** Task to complete **
Each entry below is to be given again word for word, with no pictures.

** Recorded information **
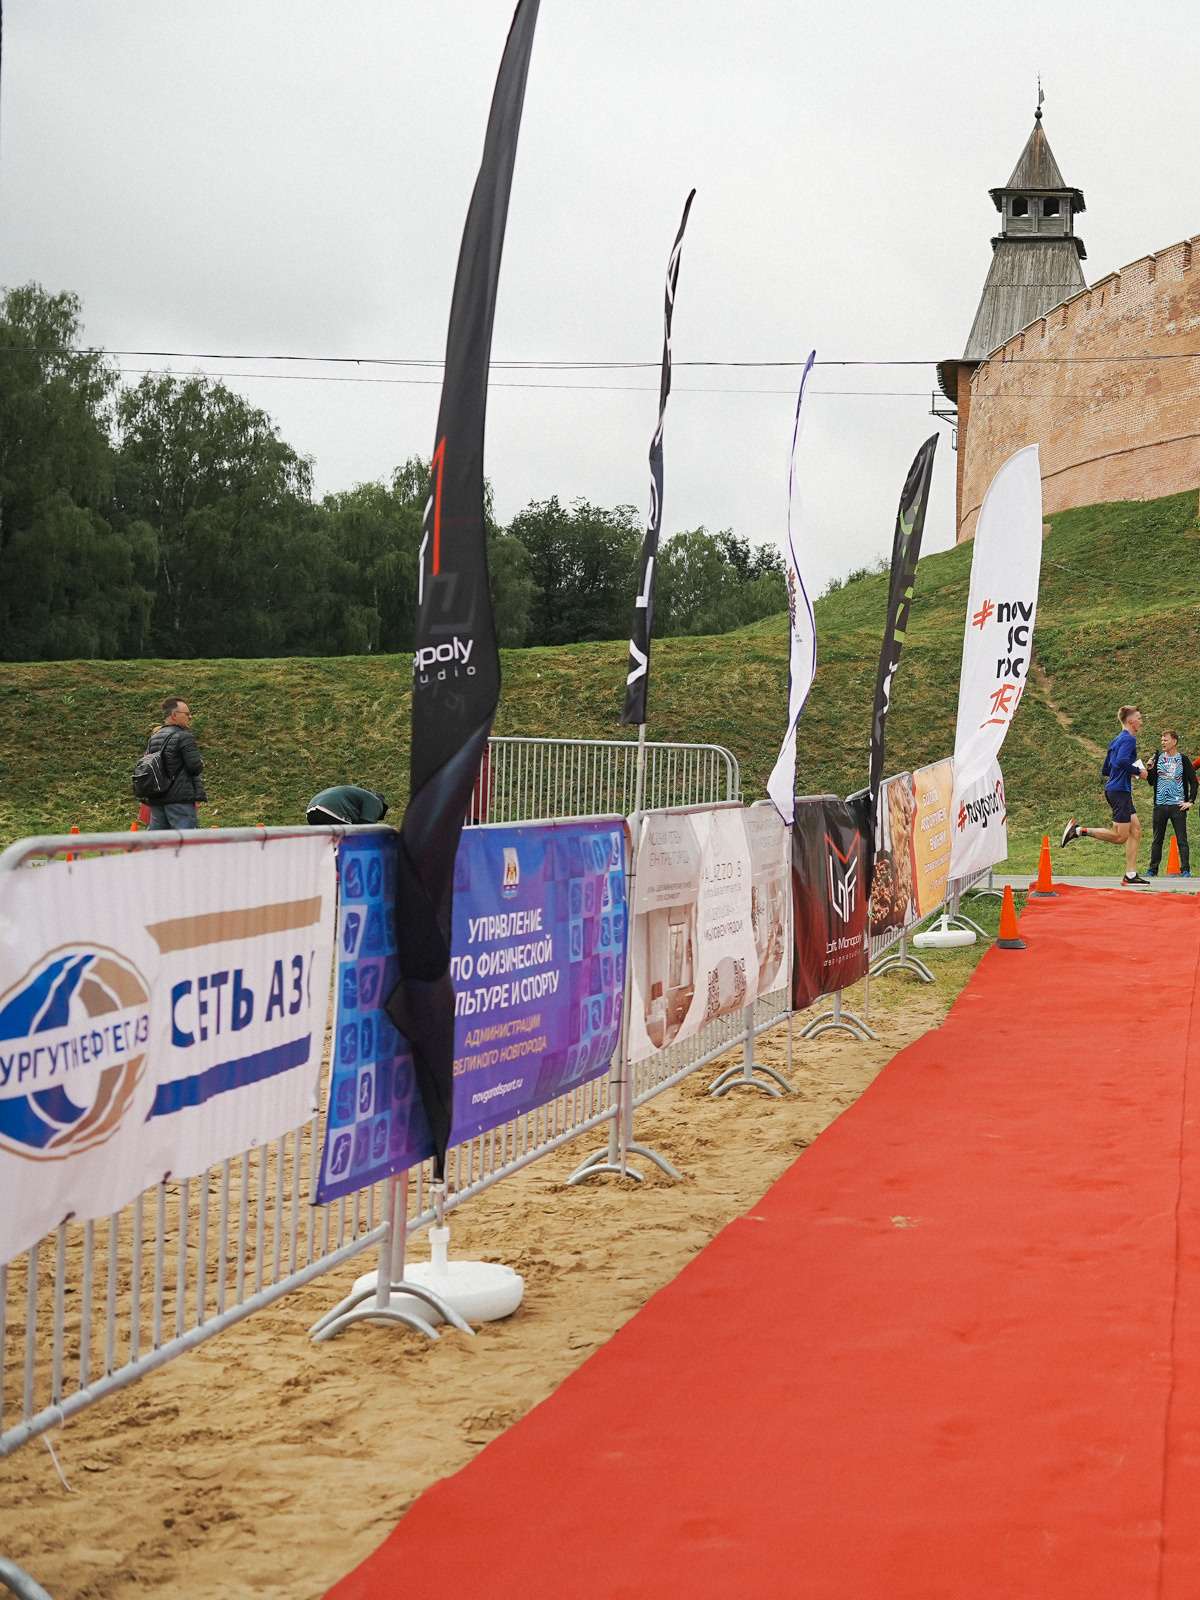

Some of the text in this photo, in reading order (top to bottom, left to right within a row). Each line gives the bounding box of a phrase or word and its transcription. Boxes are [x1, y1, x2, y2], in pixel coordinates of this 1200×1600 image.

[420, 666, 476, 684] udio
[468, 908, 543, 943] УПРАВЛЕНИЕ
[476, 934, 553, 978] ФИЗИЧЕСКОЙ
[170, 950, 315, 1048] СЕТЬ АЗ
[454, 969, 560, 1018] ЛЬТУРЕ И СПОРТУ
[0, 1014, 149, 1086] УРГУТНЕФТЕГАЗ
[465, 1014, 541, 1048] АДМИНИСТРАЦИИ
[453, 1036, 548, 1077] ВЕЛИКОГО НОВГОРОДА
[472, 1078, 524, 1105] novgorodsport.ru
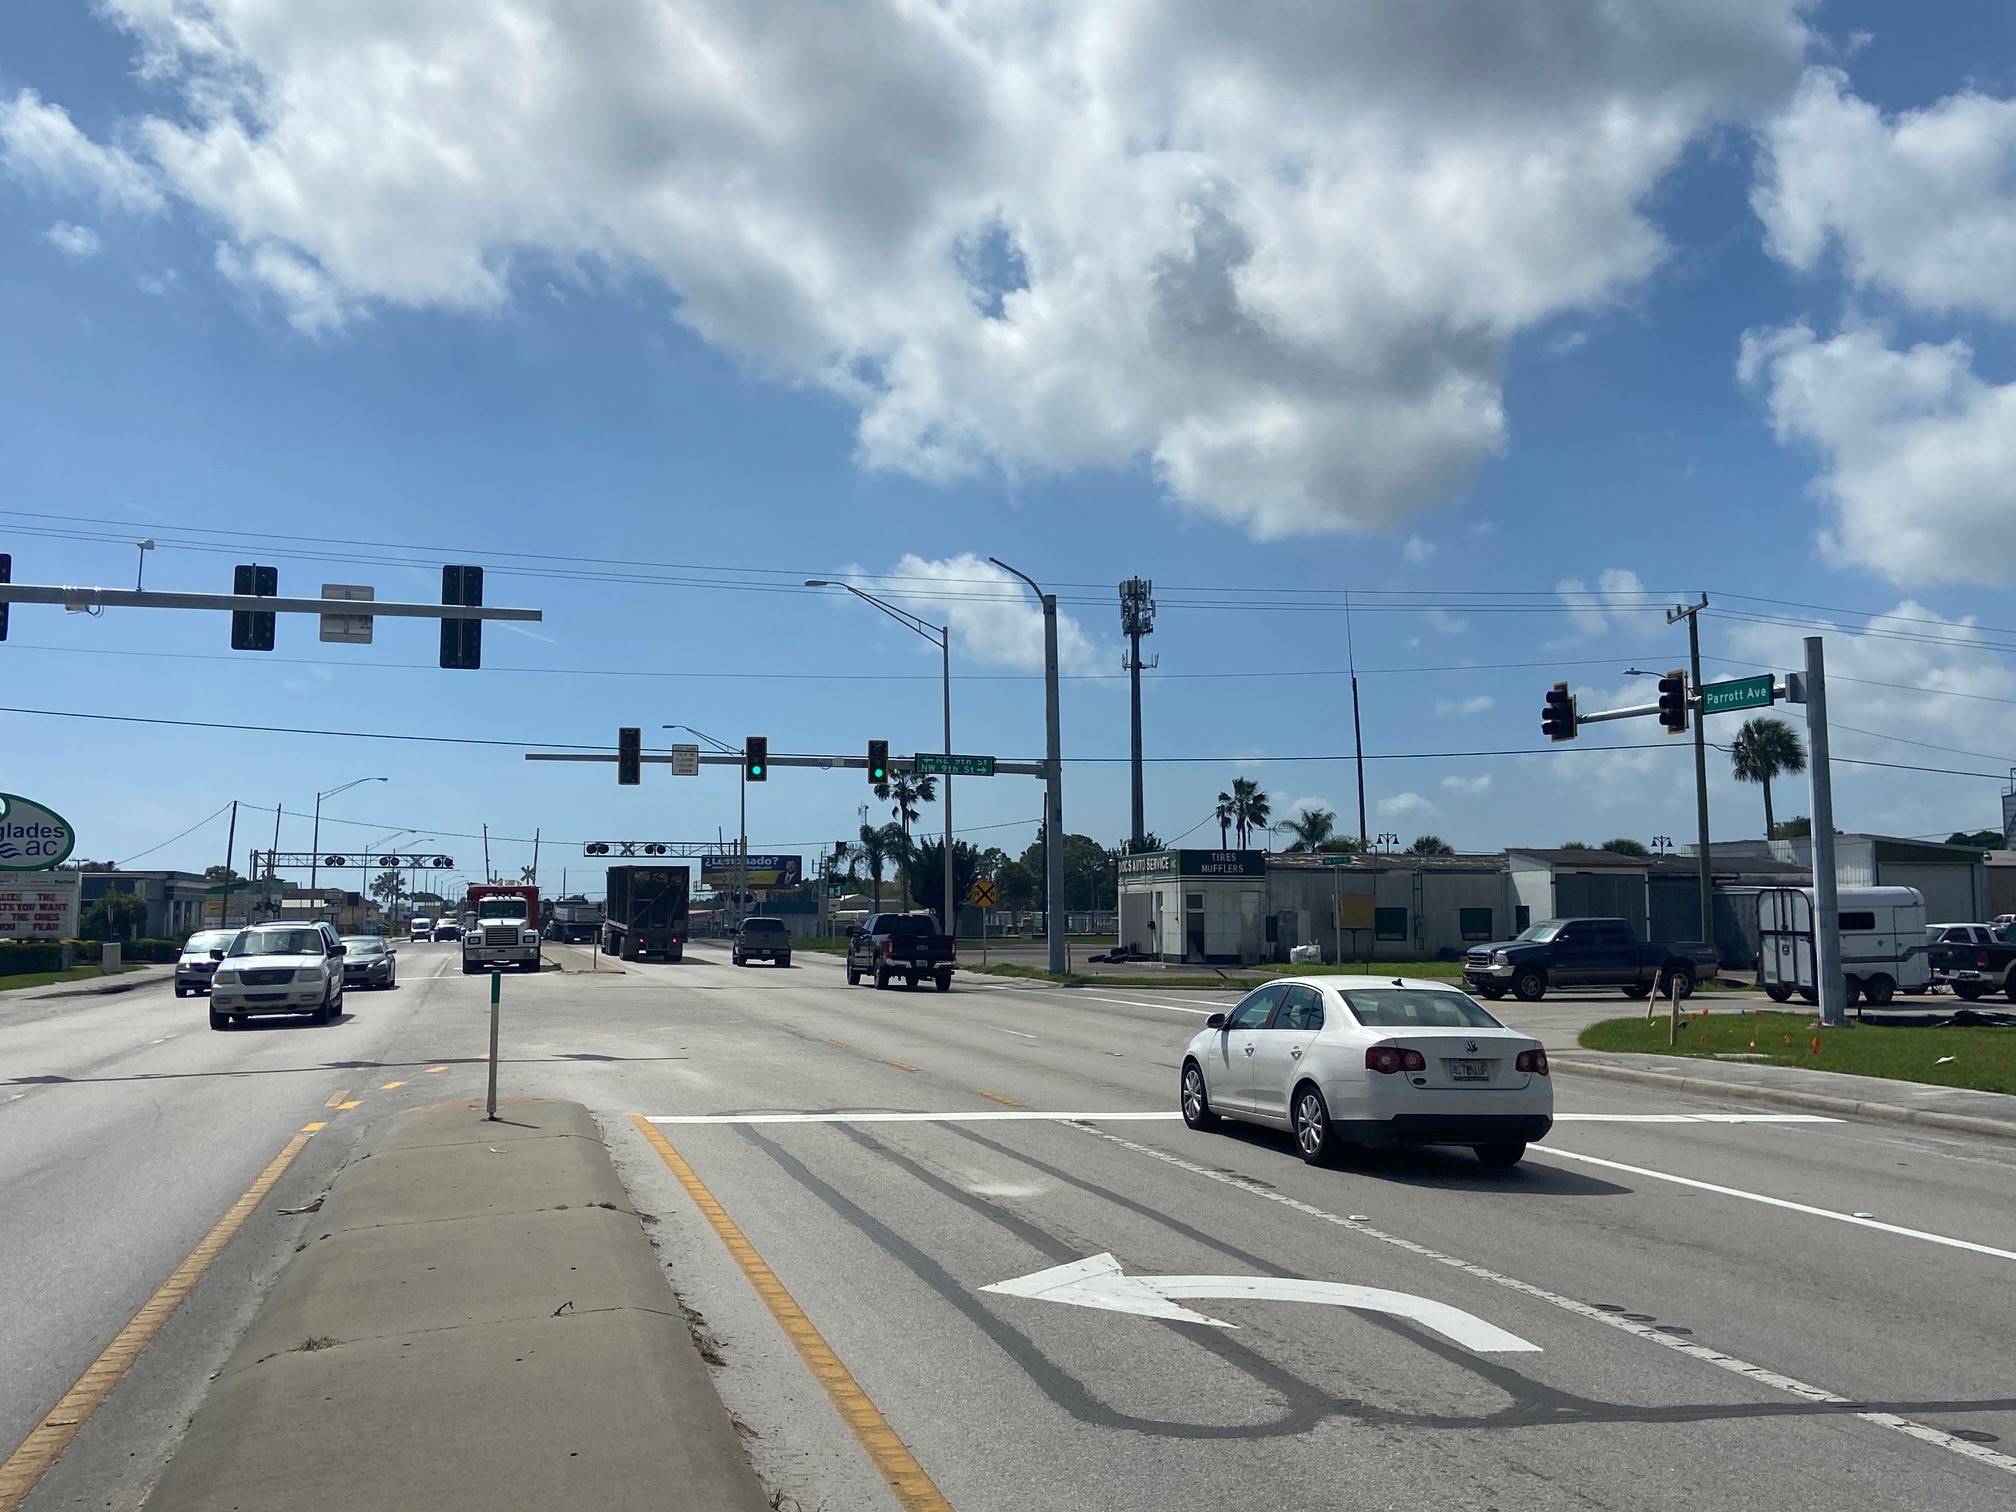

** Your solution **
Some of the text in this photo, in reading order (top to bottom, left to right within a row). Each line gives the bounding box of a phrase or word and its transcription. Boxes are [x1, y1, x2, y2], in pixel coordinates of this 1200×1600 image.

[420, 666, 476, 684] udio
[468, 908, 543, 943] УПРАВЛЕНИЕ
[476, 934, 553, 978] ФИЗИЧЕСКОЙ
[170, 950, 315, 1048] СЕТЬ АЗ
[454, 969, 560, 1018] ЛЬТУРЕ И СПОРТУ
[0, 1014, 149, 1086] УРГУТНЕФТЕГАЗ
[465, 1014, 541, 1048] АДМИНИСТРАЦИИ
[453, 1036, 548, 1077] ВЕЛИКОГО НОВГОРОДА
[472, 1078, 524, 1105] novgorodsport.ru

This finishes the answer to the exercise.